The Philippine Economic Zone Authority (Peza) has urged a review board headed by the Department of Finance to let business process outsourcing firms (BPOs) continue working from home until September without the risk of losing their tax breaks.
Peza asked the Fiscal Incentives Review Board (FIRB) to extend an existing work-from-home policy that is supposed to end in April. Under the current setup, BPOs in economic zones can keep enjoying their tax breaks if at least 10 percent of their workers report in the office.
The proposal to extend now comes with the request to get rid of the 10-percent onsite requirement.
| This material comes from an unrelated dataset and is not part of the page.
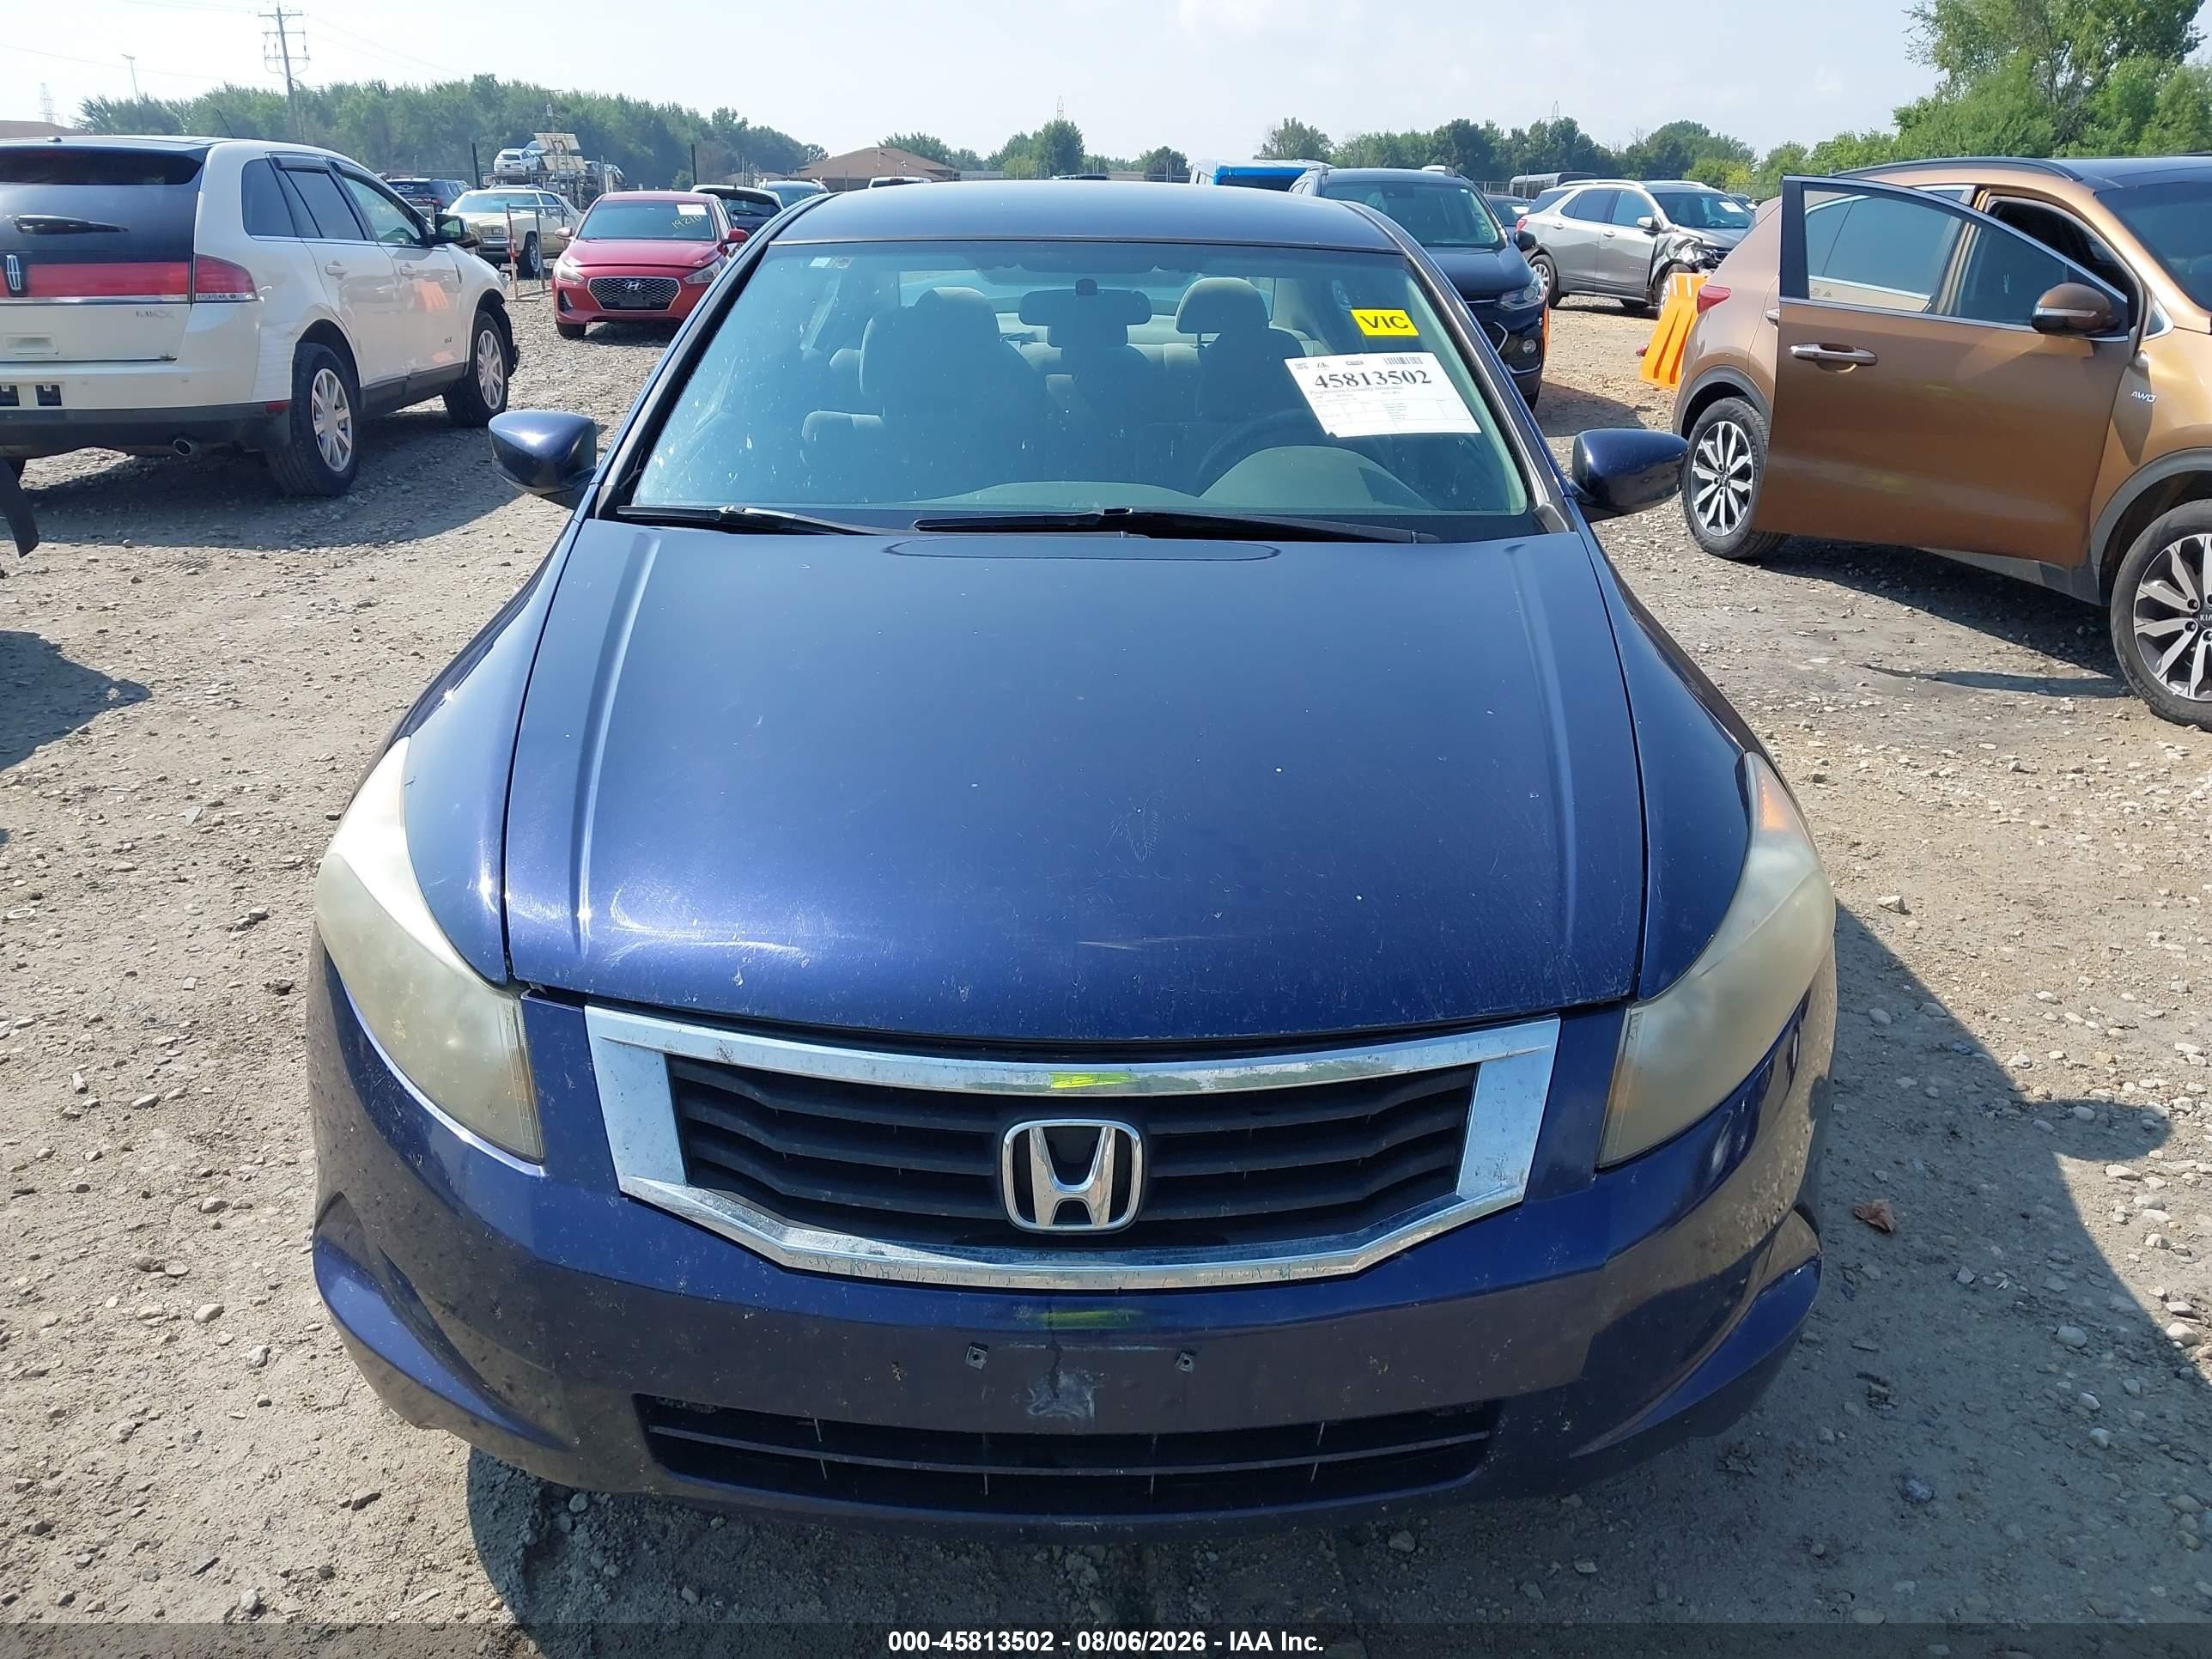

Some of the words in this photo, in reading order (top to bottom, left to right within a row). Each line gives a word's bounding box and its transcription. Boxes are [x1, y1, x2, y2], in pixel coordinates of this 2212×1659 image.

[671, 215, 702, 229] 19210
[1358, 315, 1409, 329] VIC
[1315, 370, 1431, 388] 45813502
[2130, 391, 2157, 403] AWD
It was submitted last Jan. 7, but Peza Director General Charito Plaza said in a statement on Thursday that it has yet to hear from the FIRB more than a month later.
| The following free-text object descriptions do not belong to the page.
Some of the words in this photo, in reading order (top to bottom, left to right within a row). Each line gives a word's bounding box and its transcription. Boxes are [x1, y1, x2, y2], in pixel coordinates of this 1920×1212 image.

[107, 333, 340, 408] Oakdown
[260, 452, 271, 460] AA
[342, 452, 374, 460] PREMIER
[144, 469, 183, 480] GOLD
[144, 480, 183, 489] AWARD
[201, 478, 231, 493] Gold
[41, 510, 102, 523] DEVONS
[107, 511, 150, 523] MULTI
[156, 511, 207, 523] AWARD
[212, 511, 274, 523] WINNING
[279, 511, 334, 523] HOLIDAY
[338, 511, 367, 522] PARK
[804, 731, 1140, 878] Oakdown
“The approval of the Peza Board of our proposed temporary measure was submitted to the FIRB for further approval as required under the rules. We have yet to receive formal notice on the FIRB’s decision regarding our recommendation,” Plaza said.
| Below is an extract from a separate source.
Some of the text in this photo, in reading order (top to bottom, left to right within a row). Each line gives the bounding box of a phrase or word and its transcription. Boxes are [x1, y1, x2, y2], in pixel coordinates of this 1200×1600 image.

Peza wants the policy extended until Sept. 12, which is also supposed to be the last day that the country will be under the state of calamity imposed by the Duterte administration.
The current work-from-home policy in BPOs was made possible under the implementing rules and regulations (IRR) of the Corporate Recovery and Tax Incentives for Enterprises Act.
The law cut the corporate income tax and rationalized the tax breaks offered by agencies like Peza. Its IRR included a rule on “temporary measures for exceptional circumstances” like a pandemic.
While Peza’s proposal also includes a request to be allowed to make its own guidelines on remote work, the agency emphasized that the policy would only be temporary. It also appealed to the FIRB not to impose any penalties.